Note, in this case, how there is no space between the "!"
character and the "s" which begins the substitution command. You
should NOT put a space in there; it's yet another exception (sigh
...) to some of the rules about using spaces in commands which
precede substitution commands. Maybe it's a bug in this version
of SED - beats me. But here you can't have a space to the right
of the "!". If you want to include a space, you have to do it
this way:
sed "1,2 !s/./X/g" inputfile
File U-SED-IT.1 - about SED - Copyright 1990 Mike Arst Page: 19
and on the command line, double quote marks would have to delimit
the entire substitution instruction, including the "except for"
part. Notice how the space was located: to the *left* of the "!".
As with other address specifications, you can specify "except
for" by reference to text on a line, not merely by line numbers:
sed /how/,/case/!s/./X/g inputfile
Result:
Hello, how are ya?
What business is it of yours how I am?
Well, in that case I don't care how you are.
XXXXXXXXXXXXXXXXXXX
That is: except for lines found to contain "how," and down to the
first line which contains "case" - but no farther than that -
find any character and replace it with "X."
As it turned out the range of lines to be *omitted* from the
operation included all but the last line.

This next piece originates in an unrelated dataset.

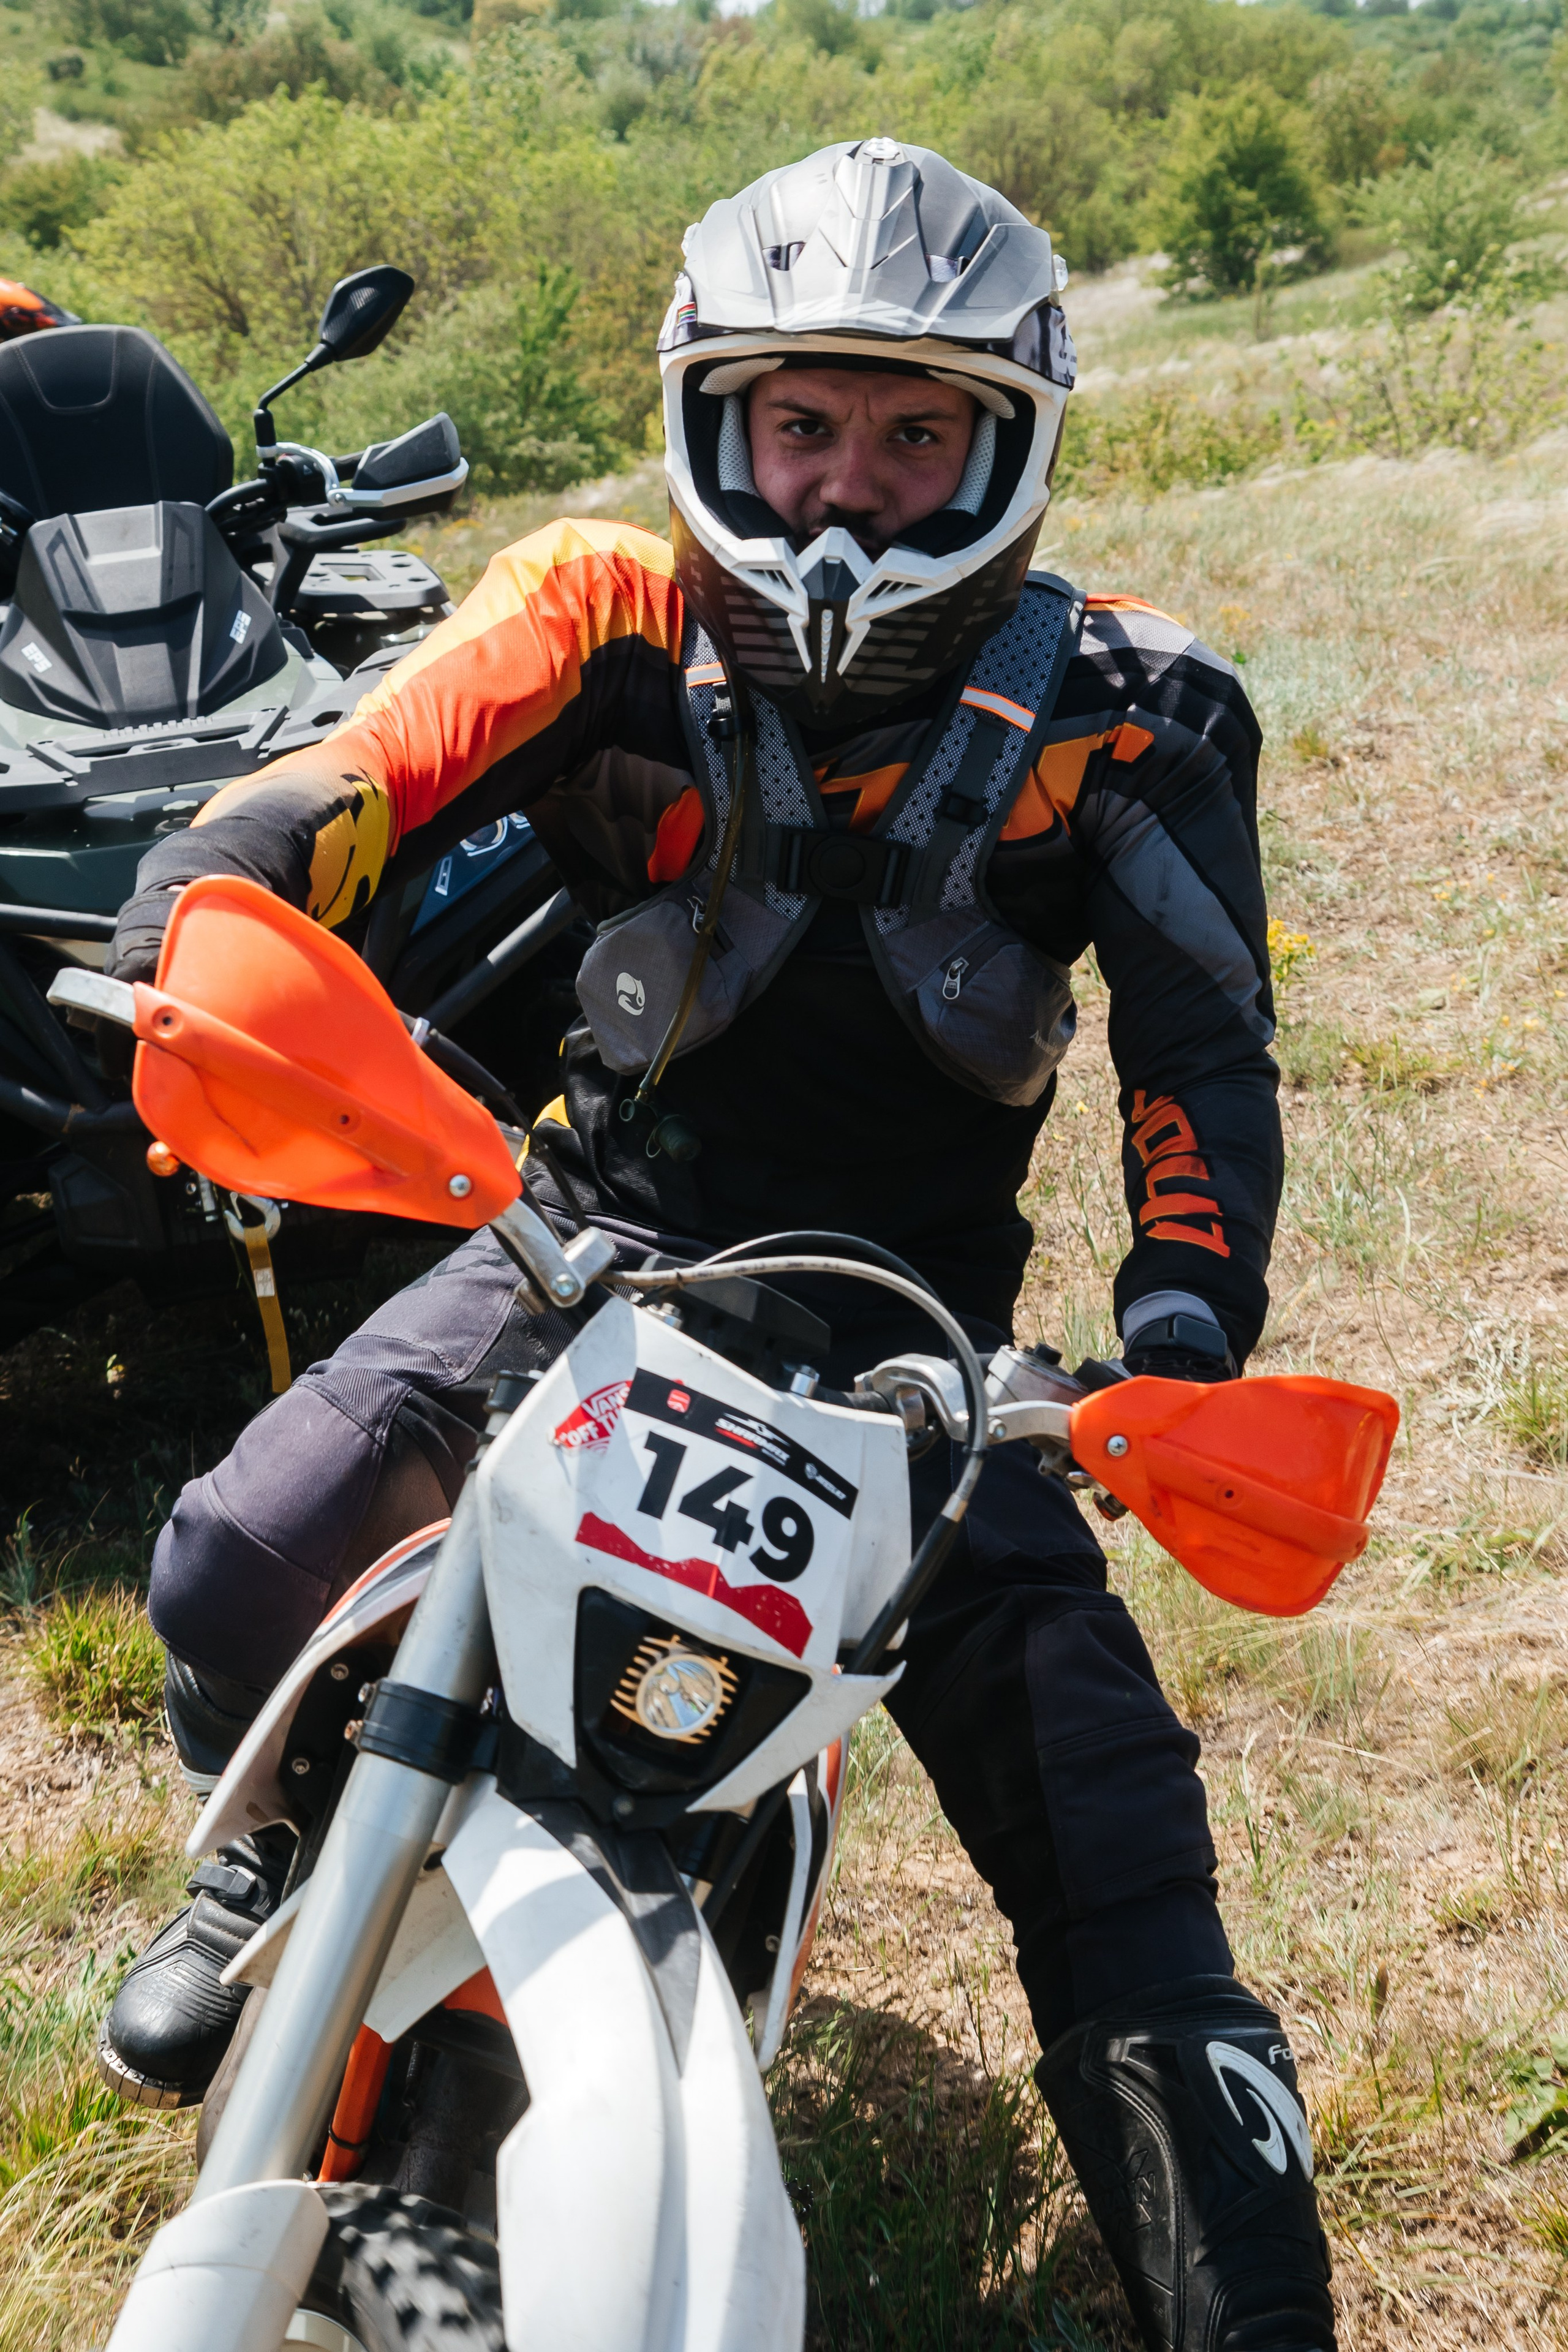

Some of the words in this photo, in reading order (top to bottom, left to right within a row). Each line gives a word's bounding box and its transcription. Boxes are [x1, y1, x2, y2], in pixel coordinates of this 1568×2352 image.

[230, 609, 252, 644] EPS
[21, 641, 53, 673] EPS
[581, 1381, 630, 1420] VANS
[636, 1430, 815, 1583] 149

And again, you can
combine the two types of "address" instructions:
sed /case/,$!s/./X/g inputfile
Meaning: except for a line containing the word "case" and then
all lines following it, down to the end of the file, substitute
an "X" for any character on each line.
Result:
XXXXXXXXXXXXXXXXXX
XXXXXXXXXXXXXXXXXXXXXXXXXXXXXXXXXXXXXX
Well, in that case I don't care how you are.
Fine by me, turkey.
The number of possible ways of noting exceptions in an address
specification is, as you can imagine, pretty vast. Experiment,
experiment ... and remember that the "except for" statement can
include regular expressions, not just simple ones like those used
up to now in the examples.
MODIFIERS FOR THE SUBSTITUTION COMMAND
"g" modifier - global replacement
I've mentioned already that SED will default to making a *single*
replacement only if you do not tell it to replace a string *every*
time it occurs on a line.
File U-SED-IT.1 - about SED - Copyright 1990 Mike Arst Page: 20
s/hello/HIYA/
If the input file looks like this:
hello goodbye hello goodbye
hello goodbye hello goodbye
The instruction just shown will result in:
HIYA goodbye hello goodbye
HIYA goodbye hello goodbye
But *with* the "g" modifier:
HIYA goodbye HIYA goodbye
HIYA goodbye HIYA goodbye
(Some GNU versions of SED that you might encounter are plagued by
a bug whereby neither the "g" modifier nor the "-g" command-line
switch works at all. The only workaround for it that I know of is
to create a "loop" within a script file. See file SFILES-A.1 for
more about looping.)
Normally when we say "global" in talking about changing a file,
we mean "changes throughout the entire file." That's not the way
to think about it with SED, however. To SED, "global" means
"everywhere on a given line" - which is a lot different, and it's
important to keep the distinction in mind.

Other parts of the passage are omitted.